Escaping is the primary defense against HTML-context injection. Any content that originates from a user, database, or external API and ends up inside an HTML document must be escaped (or handled by a templating engine that escapes by default) to prevent cross-site scripting (XSS).

Why use it

  • Insert code samples, math expressions, or arbitrary user input into an HTML document as literal text.
  • Prevent XSS when rendering untrusted strings in legacy templates that don't auto-escape.
  • Encode strings for use as HTML attribute values, where an unescaped quote would break out of the attribute.

Features

  • Escapes the five reserved HTML characters (&, <, >, ', ") — the standard OWASP HTML-context set
  • Toggle between named entities (&amp;, &lt;) and numeric entities (&#38;, &#60;) for legacy XML compatibility
  • Optional non-ASCII escaping — emits &#NNNN; for every character above U+007F to survive latin-1 pipelines
  • Reverse operation (unescape) available in our companion HTML Unescape tool
  • All escaping happens in-browser — source never leaves your device, which matters for code samples under NDA

How to use HTML Escape

  1. Paste the source text. Drop or type any string containing raw HTML characters — code snippets, user input, API payloads — into the left editor.
  2. Pick the entity style. Toggle between named entities (&amp;) and numeric entities (&#38;). Named entities are more readable; numeric entities survive any encoding pipeline.
  3. Enable non-ASCII escape (optional). For content heading into a non-UTF-8 pipeline, enable 'escape non-ASCII' to encode every character above U+007F as a numeric entity.
  4. Copy the escaped output. Click Copy to grab the result. Paste into your HTML document, template, or JSON payload as needed.

Example (before/after)

HTML input

Start with the HTML input you want to process in HTML Escape.

HTML output

Get a HTML result from HTML Escape that is ready to review, copy, and reuse in the next step of your workflow.

Common errors

Unsupported input

The tool may reject input that does not match the expected content, structure, or file type.

Fix: Confirm the tool input requirements and paste the correct type of data.

Incomplete values

Missing fields or partial content can block processing or produce weak results.

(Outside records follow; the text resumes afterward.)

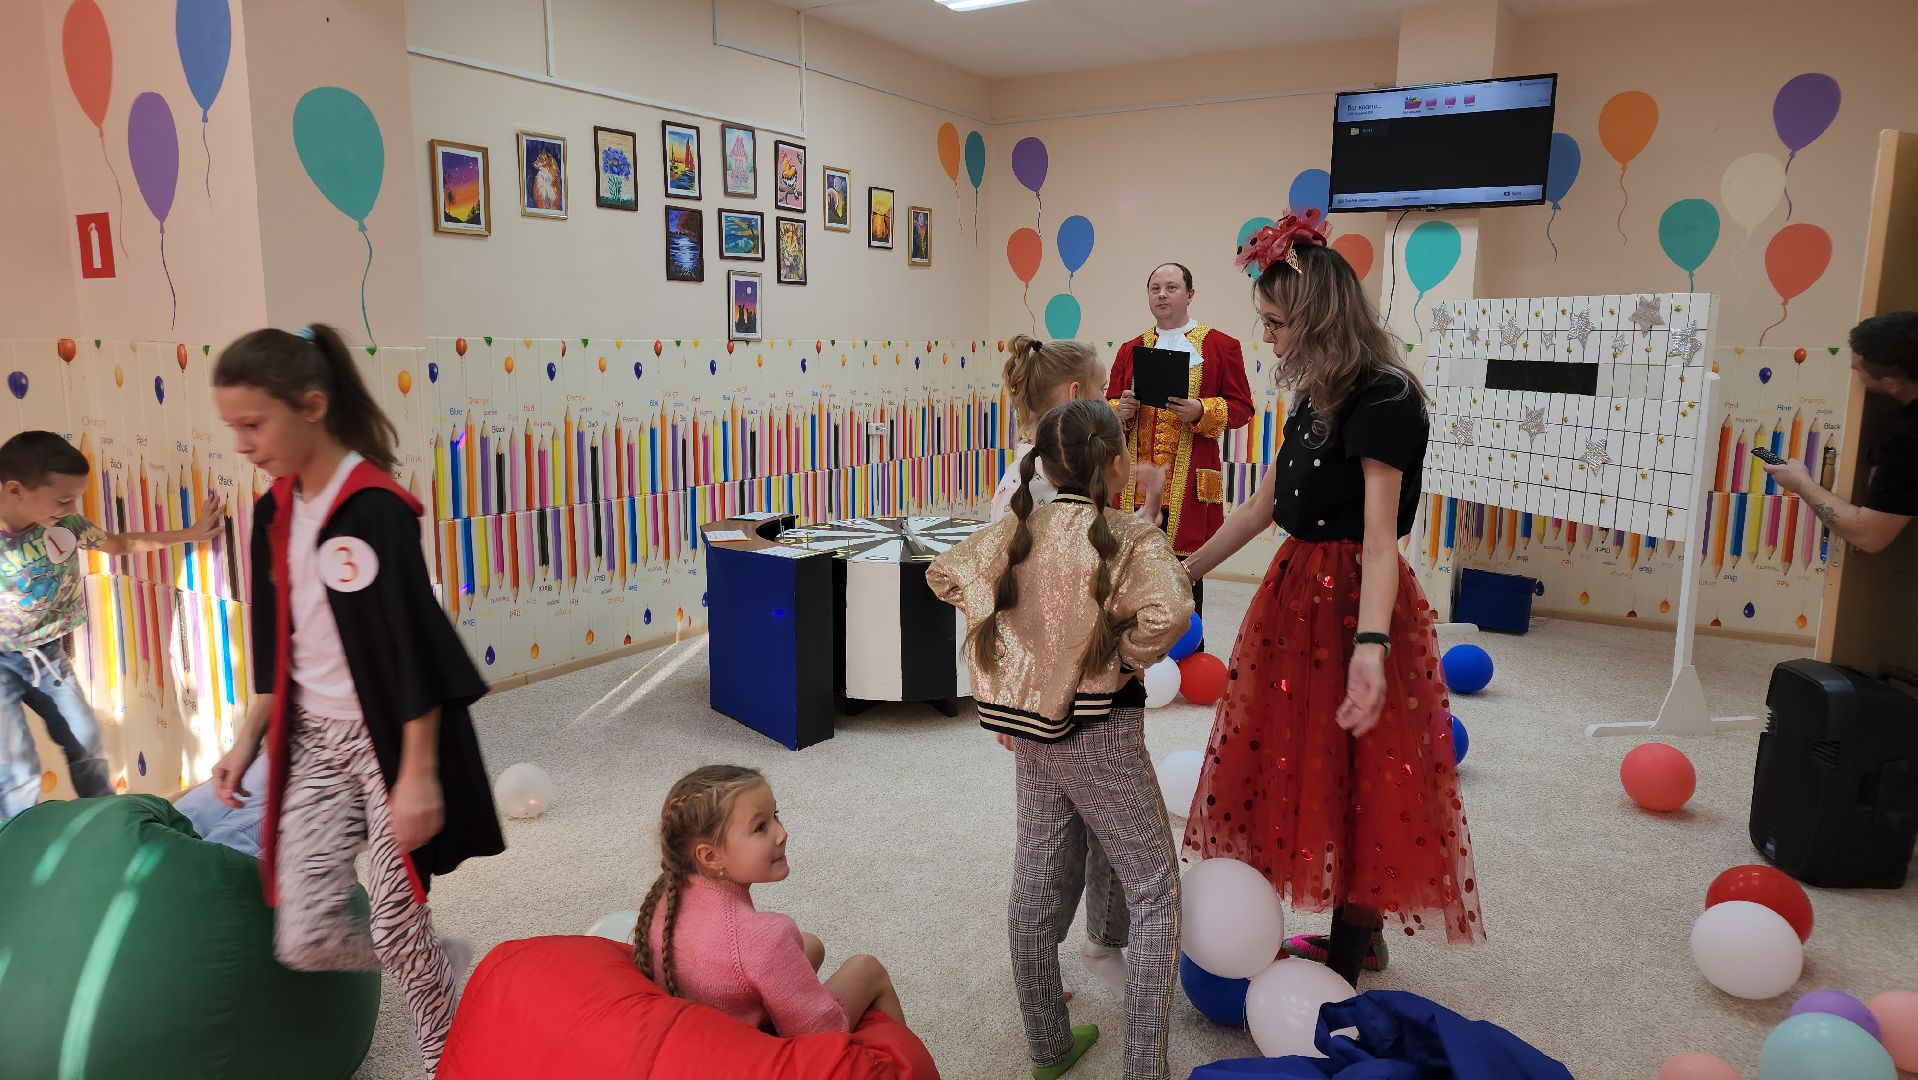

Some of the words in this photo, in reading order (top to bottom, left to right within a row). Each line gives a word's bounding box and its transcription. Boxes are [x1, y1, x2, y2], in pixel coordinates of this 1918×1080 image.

[449, 407, 463, 416] Blue
[523, 404, 535, 412] Red
[1776, 404, 1793, 412] Blue
[491, 425, 506, 434] Black
[1823, 422, 1842, 430] Black
[136, 434, 148, 447] Red
[176, 440, 188, 454] Blue
[217, 474, 234, 487] Black
[48, 534, 66, 556] 1
[332, 546, 360, 583] 3
[1723, 574, 1738, 583] Blue
[1776, 579, 1790, 588] Red
[509, 610, 521, 619] Red
[462, 618, 476, 627] Blue

Fix: Provide the full required input before running the tool.

Copying placeholder content

Sample or placeholder values can lead to output that looks valid but is not ready for real use.

Fix: Replace placeholders with your actual values before relying on the result.

FAQ

Does escaping prevent all XSS attacks?

For HTML text-context (content between tags), escaping these five characters is the standard defense. For attribute context, JavaScript context, or URL context, different escaping rules apply — see OWASP's XSS Prevention Cheat Sheet. A framework like React, Angular, or Vue handles all contexts automatically; this tool is for one-off escaping outside a framework.

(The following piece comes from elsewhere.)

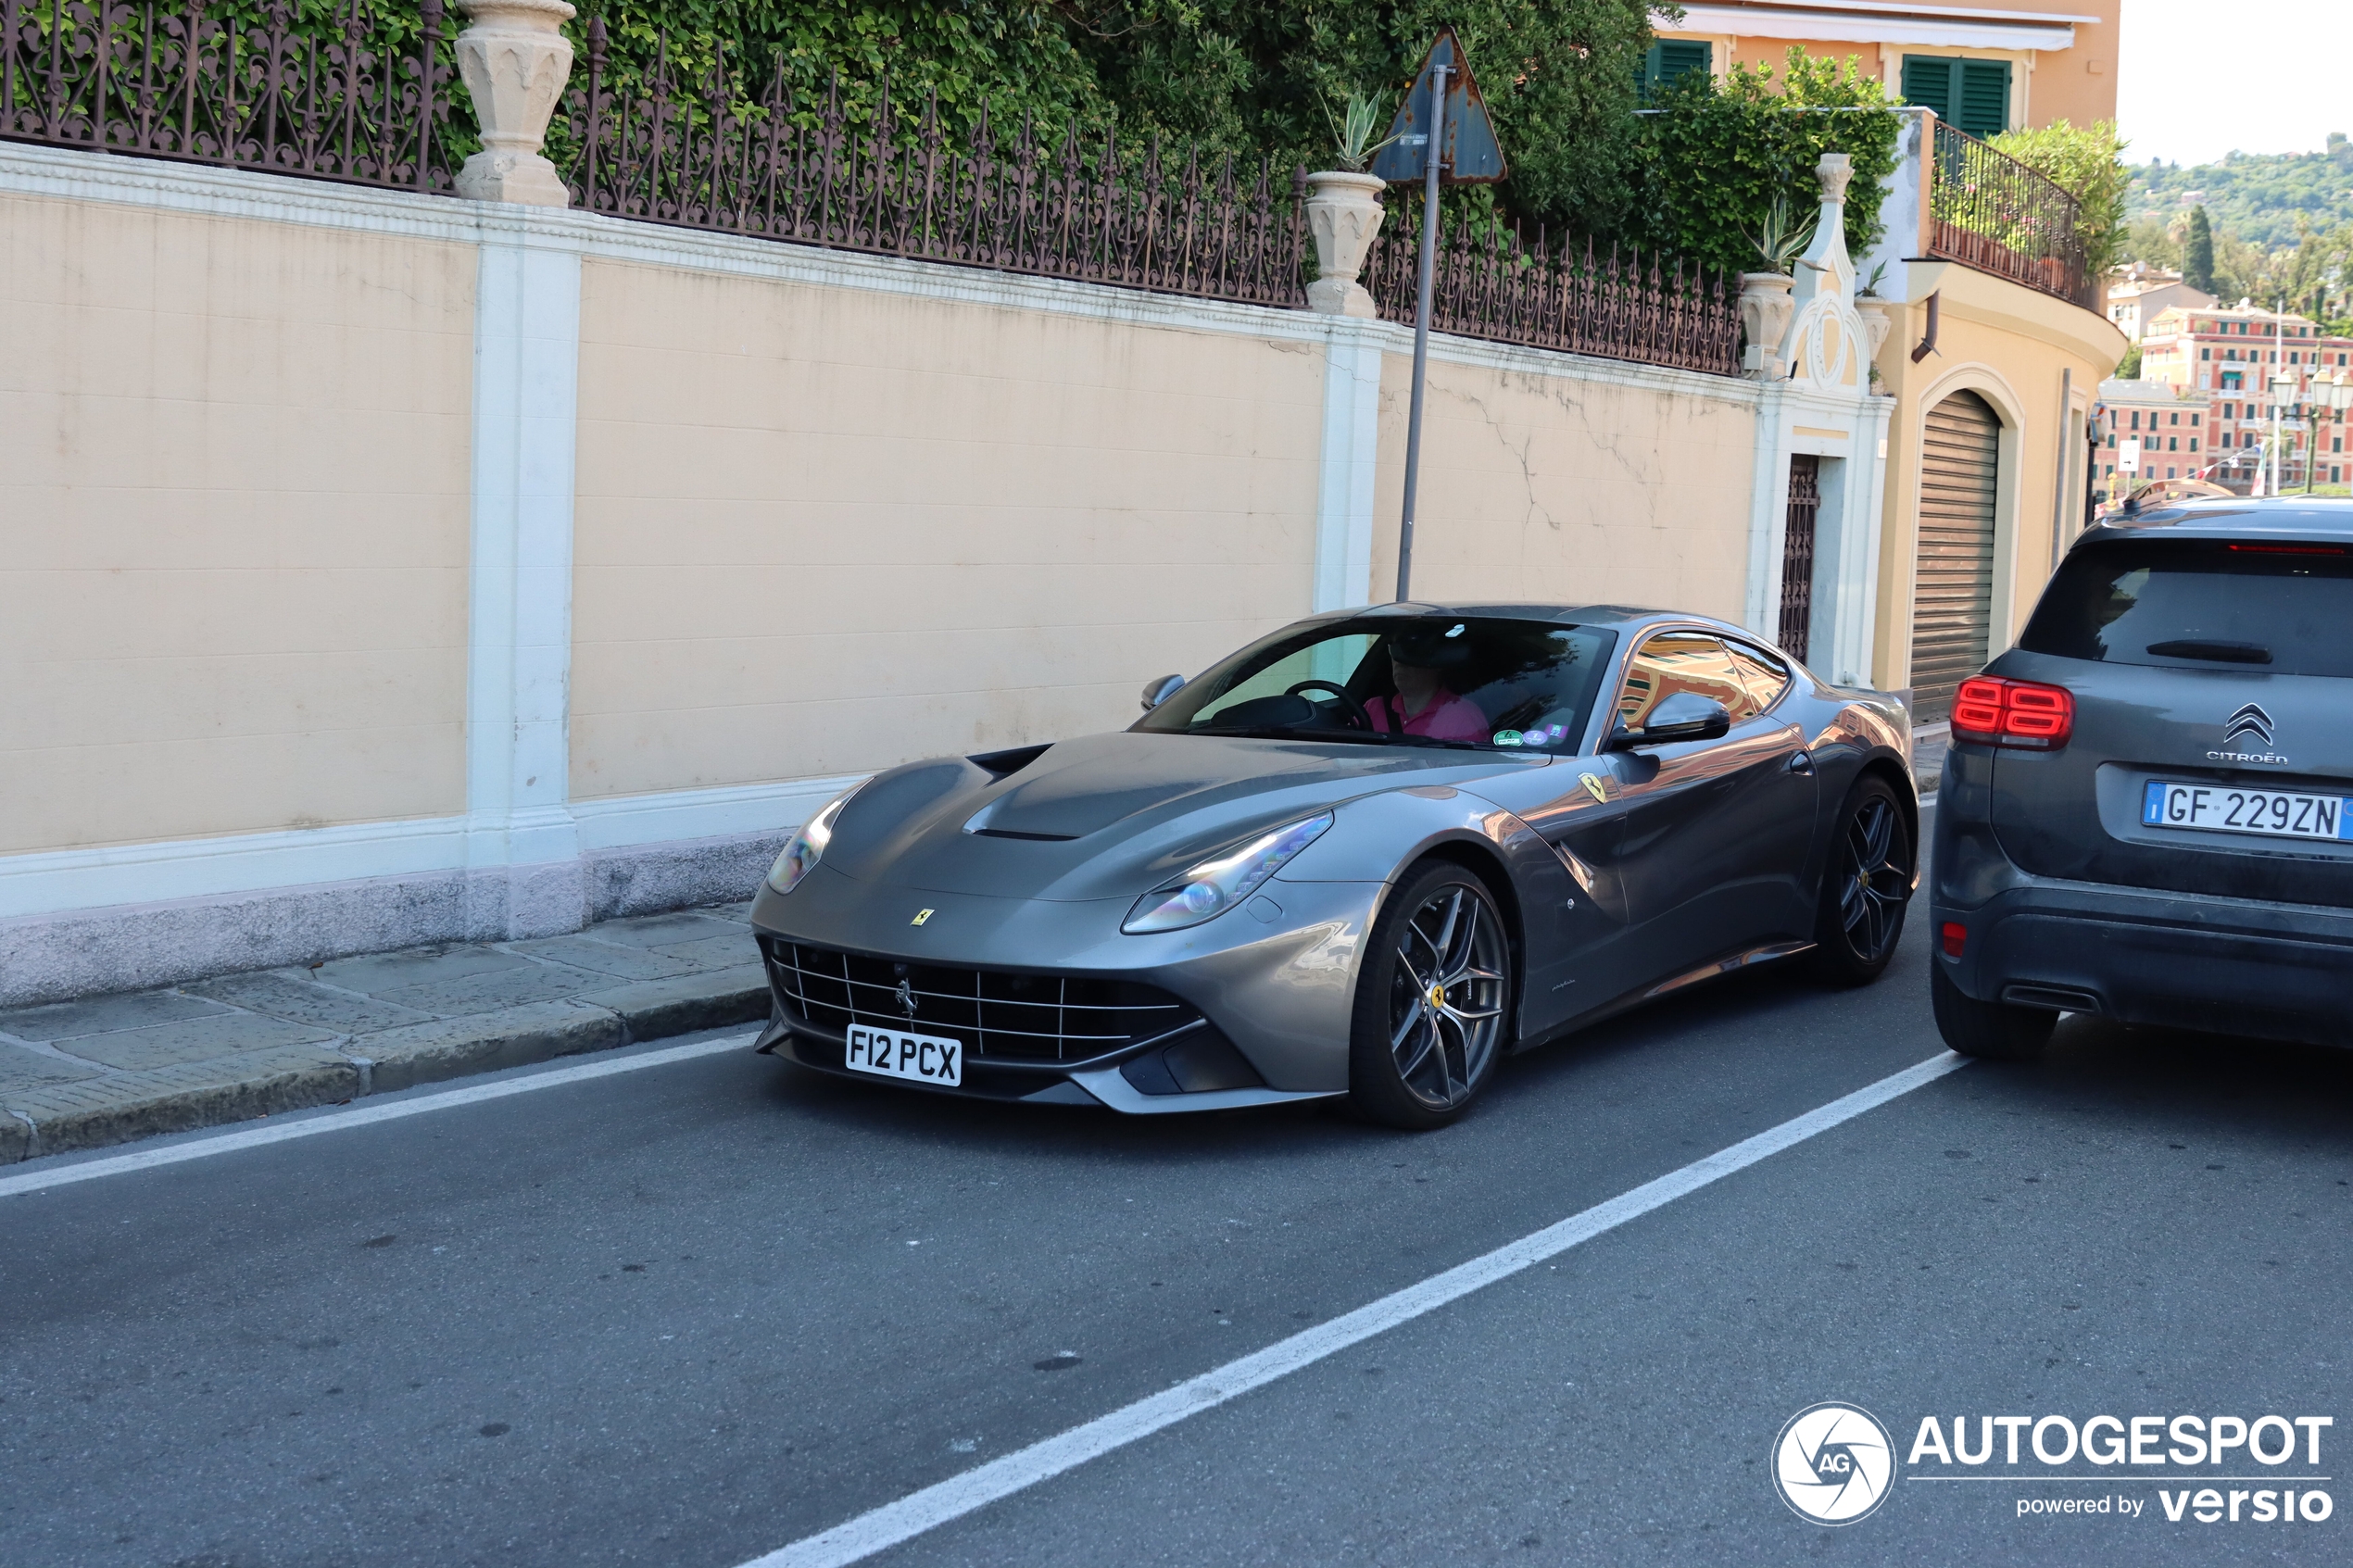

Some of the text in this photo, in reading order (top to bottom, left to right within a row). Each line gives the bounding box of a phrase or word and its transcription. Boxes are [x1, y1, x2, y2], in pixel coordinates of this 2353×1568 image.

[2169, 788, 2210, 822] GF
[2224, 793, 2336, 834] 229ZN
[850, 1030, 956, 1080] F12 PCX

What's the difference between named and numeric entities?

Named entities (&amp;, &lt;) are human-readable and are the idiomatic choice for modern HTML5. Numeric entities (&#38;, &#60;) are functionally identical but more portable — they survive XML pipelines, ASCII-only transport channels, and legacy email systems where named entities may not resolve.

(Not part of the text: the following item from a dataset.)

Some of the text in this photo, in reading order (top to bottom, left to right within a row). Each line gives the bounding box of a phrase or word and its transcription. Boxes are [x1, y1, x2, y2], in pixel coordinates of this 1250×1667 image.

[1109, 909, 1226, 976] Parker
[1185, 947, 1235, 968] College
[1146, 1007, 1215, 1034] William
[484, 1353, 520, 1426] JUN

Does the tool escape non-ASCII characters like é or 中?

Only if you enable the 'escape non-ASCII' option. By default, non-ASCII characters pass through unchanged because modern UTF-8 HTML documents render them correctly. Enable the option when targeting latin-1 pipelines, legacy CRMs, or ASCII-only transport like some SMTP servers.

Is escaping the same as URL-encoding?

No. HTML escaping targets markup-reserved characters inside an HTML document. URL-encoding (percent-encoding) targets reserved characters in a URL (%20 for space, %3F for ?, etc.). Use our URL Encoder for URL contexts; use this tool for HTML contexts.

How do I unescape already-escaped HTML?

Use our HTML Unescape tool (the inverse operation), or paste the escaped text into this tool's right pane and click the swap arrow. The reverse conversion decodes both named and numeric entities.

Does the tool handle multi-line input or preserve formatting?

Yes — newlines, tabs, and other whitespace pass through unchanged. Only the five reserved characters (and non-ASCII if enabled) are transformed. Indentation and line breaks are preserved verbatim.